65 thoughts on “MCP23017 Went Through Shortage Hell, Lost Two Inputs

        1. I worked at a company where we had to change the features on a consumer electronics device which caused a redesign because the lead time on the packaging change was too long.

          A HARDWARE REDESIGN because of a cardboard box. You’d be surprised how ridiculous companies can be.
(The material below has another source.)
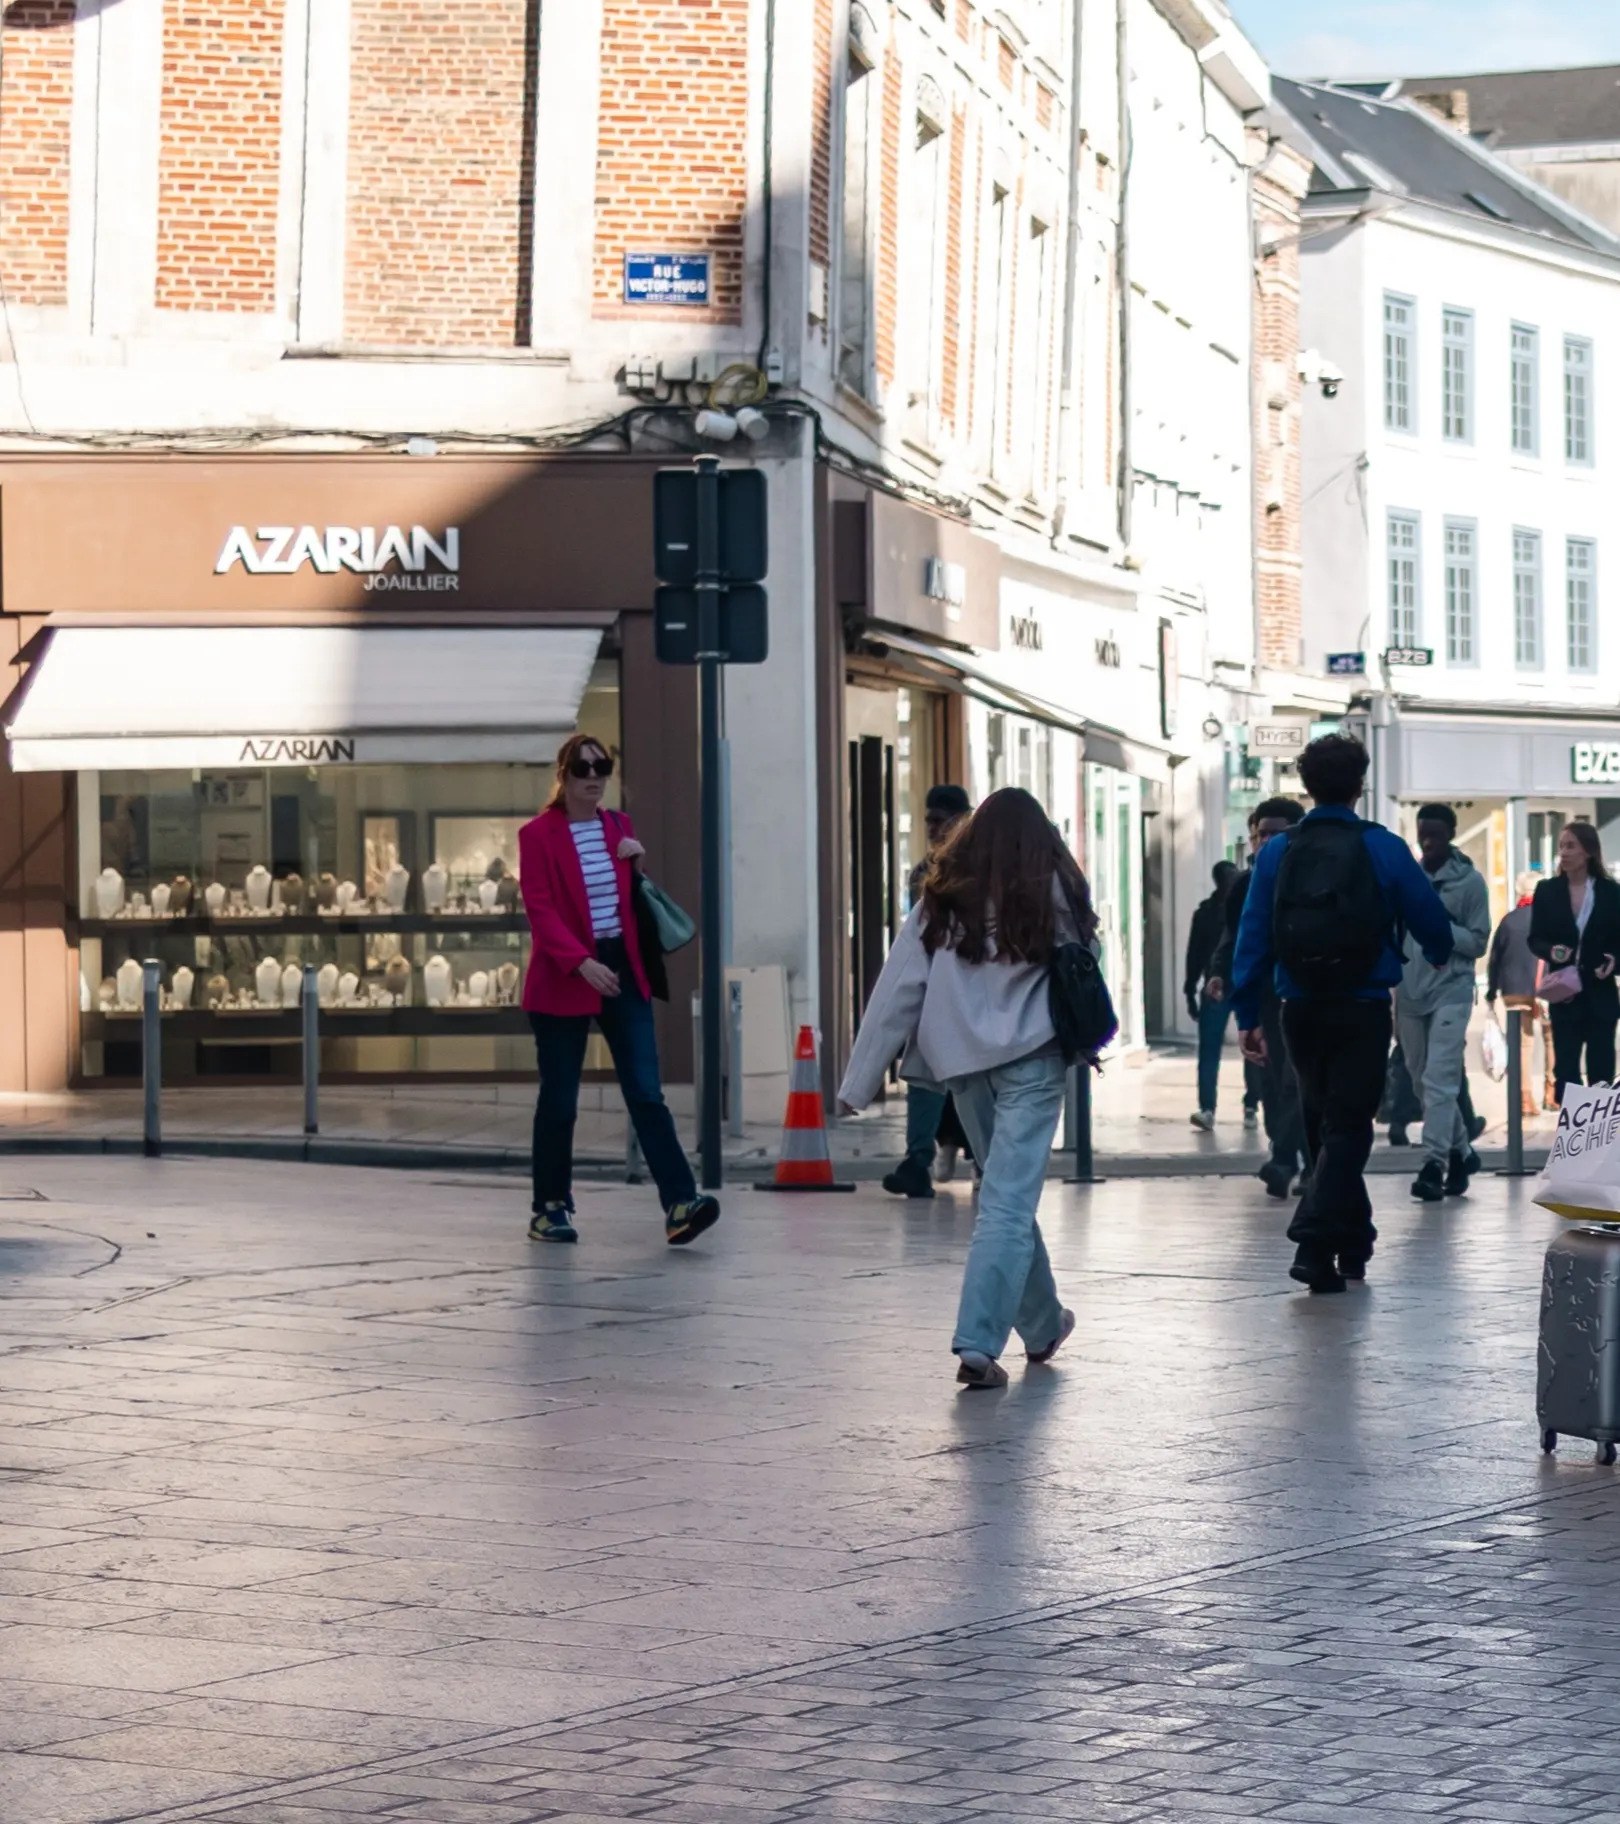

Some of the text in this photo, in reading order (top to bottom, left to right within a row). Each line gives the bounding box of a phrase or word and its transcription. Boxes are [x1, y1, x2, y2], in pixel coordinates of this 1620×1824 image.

        2. Pfft. YOU have no idea what you’re talking about. When we make a package marking change it is a lot of work. We have to update wafersort and final test program names so we can split out the FT data for the product engineers so they can track wafer yield changes separately. We have to regenerate new test limits, in some cases we have to requalify HTOL and HAST, we have to make a new project in our project management tools so that we can separately order leadframes for the two types (you don’t just get to go raiding the leadframe suppliers, because they’re backlogged by months and you order based on project priority and expected sales) and all the pricing and the pricing markdown schedule have to be regenerated, spin the spice models, spin the datasheet, and I don’t even know how they track this in the factory that actually does the package marking because we outsource that and this means a whole new set of orders and inventory management with them as well. It’s not like developing a new core, but it’s a silicon spin and takes just as much work as any other spin.
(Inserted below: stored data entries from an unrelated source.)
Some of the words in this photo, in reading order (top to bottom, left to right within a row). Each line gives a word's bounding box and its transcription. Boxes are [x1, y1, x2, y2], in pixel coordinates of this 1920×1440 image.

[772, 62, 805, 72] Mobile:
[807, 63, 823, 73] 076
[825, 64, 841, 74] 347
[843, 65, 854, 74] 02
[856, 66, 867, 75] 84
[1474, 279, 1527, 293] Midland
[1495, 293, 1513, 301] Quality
      1. Sort of my first thought. These are essentially “seconds”. They’ve got a couple hundred chips that maybe had one or two bad transistors on the input of those two pins. But due to the shortages and long lead times, they just put them out there as is.

        There really can’t be any savings to removing input capability on two pins. Even so, the price could be raised. Has to be a mistake. I hope someone grabs a few and de-lids them to see what happened.

        Definitely should have a new part number though. That’s going to be a mess.

    1. There have always been issues with using these ports as inputs. You probably still can, but it is now explicitely stated you shouldn’t.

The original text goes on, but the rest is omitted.